Developing a Machine-Learning Interatomic Potential for Non-Covalent Interactions in Proteins
Lejia Zeng (1, 2), Xintong Zhang (1, 2), Yuchan Pei (1, 2), Lifeng Zhao (2), Lan Hua (2), Jincai Yang (2), Niu Huang (1, 2) ((1) Tsinghua Institute of Multidisciplinary Biomedical Research, Tsinghua University, Beijing, China, (2) National Institute of Biological Sciences

TL;DR
This paper introduces PANIP, a machine learning interatomic potential trained on protein non-covalent interactions, achieving quantum accuracy and outperforming existing models in predicting diverse molecular interactions.
Contribution
The paper presents PANIP, a novel ensemble MLIP trained with active learning on protein fragment interactions, offering high accuracy and transferability for modeling non-covalent interactions in proteins.
Findings
PANIP achieves <0.2 kcal/mol MAE on out-of-distribution systems.

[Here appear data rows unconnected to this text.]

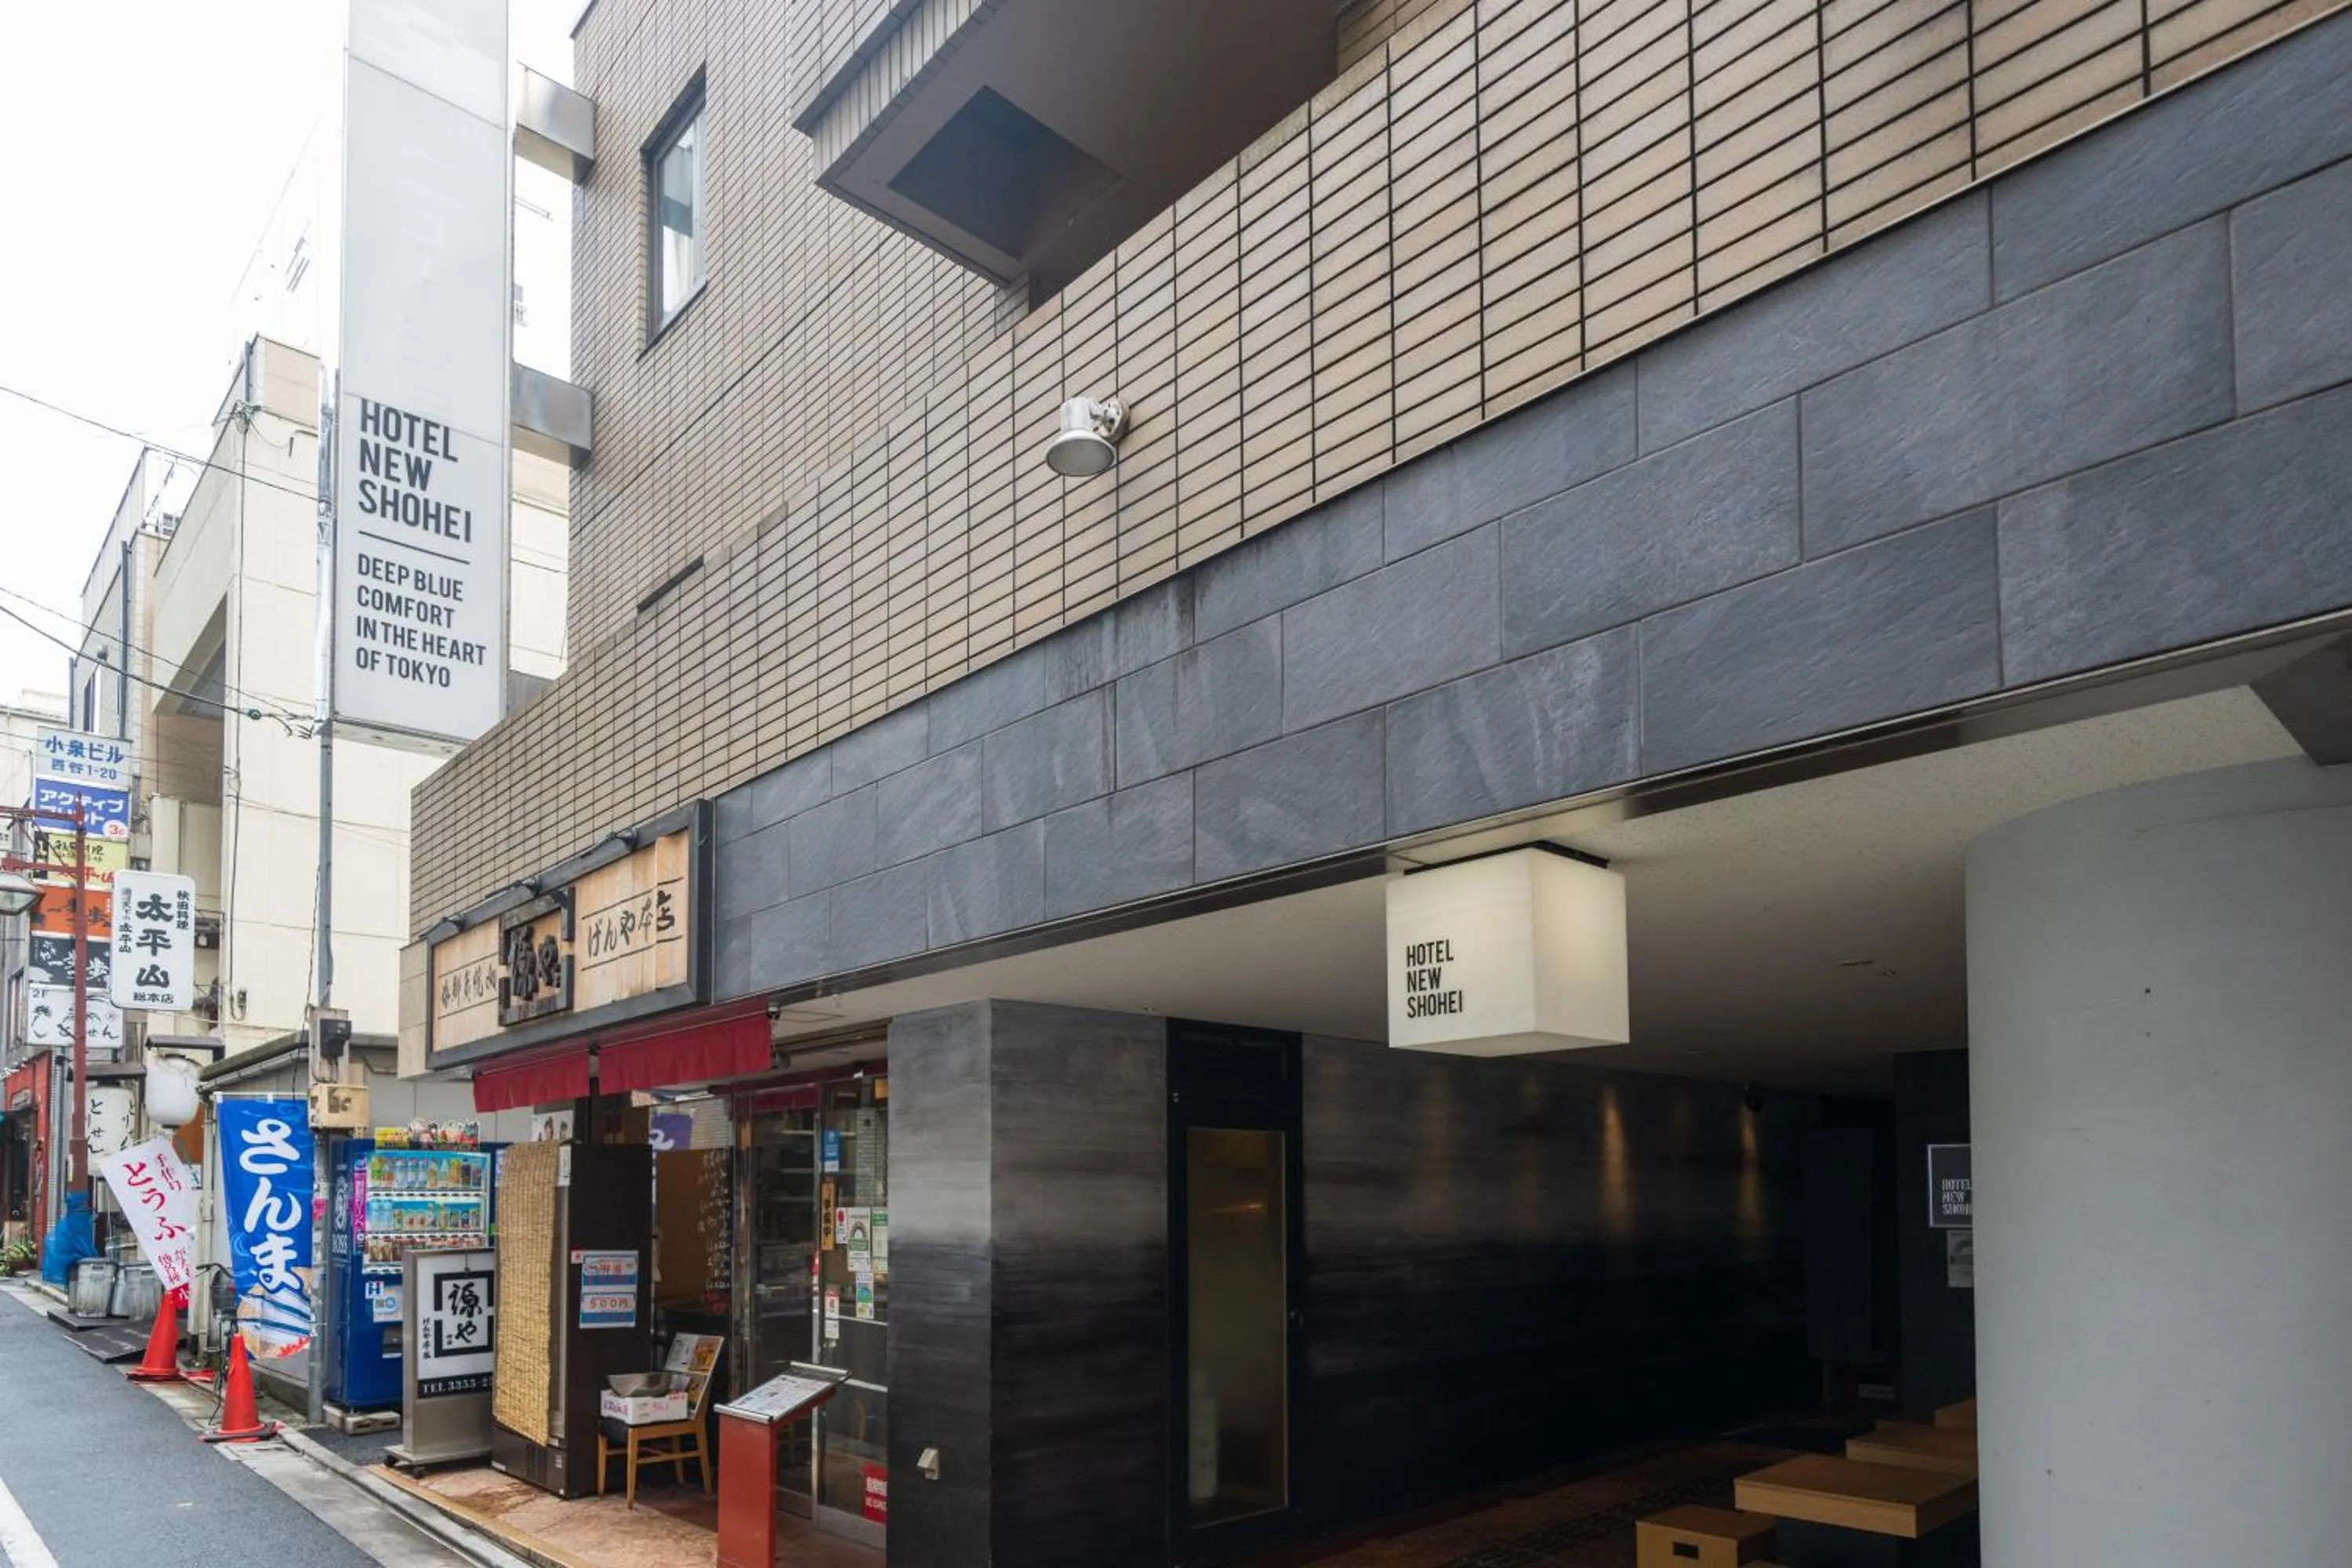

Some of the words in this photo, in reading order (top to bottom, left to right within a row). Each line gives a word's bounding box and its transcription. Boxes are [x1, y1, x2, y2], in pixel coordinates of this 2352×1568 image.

[361, 397, 459, 463] HOTEL
[360, 437, 433, 492] NEW
[358, 479, 471, 543] SHOHEI
[358, 553, 410, 586] DEEP
[414, 569, 464, 602] BLUE
[357, 585, 456, 628] COMFORT
[356, 615, 377, 641] IN
[380, 621, 419, 651] THE
[423, 631, 487, 666] HEART
[356, 647, 382, 671] OF
[385, 653, 451, 688] TOKYO
[45, 735, 125, 764] 小泉ビル
[176, 890, 190, 931] 秋田料理
[586, 891, 675, 959] げんや本店
[136, 893, 174, 989] 太平山
[1406, 938, 1454, 967] HOTEL
[132, 991, 174, 1005] 総本店
[1406, 967, 1443, 993] NEW
[1407, 989, 1463, 1019] SHOHEI
[122, 1161, 187, 1242] とうふ
[238, 1118, 306, 1294] さんま
[1942, 1191, 1965, 1203] NEW
[448, 1282, 482, 1343] 源や
[423, 1380, 446, 1394] TEL

PANIP outperforms ANI-2x, especially for charged dimers.
Enables QM-level protein-ligand binding energy estimation at near force-field costs.
Abstract
Machine learning interatomic potentials (MLIPs) enable efficient modeling of molecular interactions with quantum mechanical (QM) accuracy. However, constructing robust and representative training datasets that capture subtle, system-specific interaction motifs remains challenging. We introduce PANIP (PAirwise Non-covalent Interaction Potential), an ensemble MLIP model built upon the NequIP framework and trained on non-covalent interactions (NCIs) between protein-derived fragments. PANIP is trained using an automated multi-fidelity active learning (MFAL) workflow, in which a representative training subset, termed PDB-FRAGID (PDB Fragment Interaction Dataset), was distilled from an otherwise prohibitively large pool of fragment dimers extracted from the Protein Data Bank (PDB). PANIP retains B97X-D3BJ/def2-TZVPP-level accuracy and achieves mean absolute errors below 0.2 kcal/mol…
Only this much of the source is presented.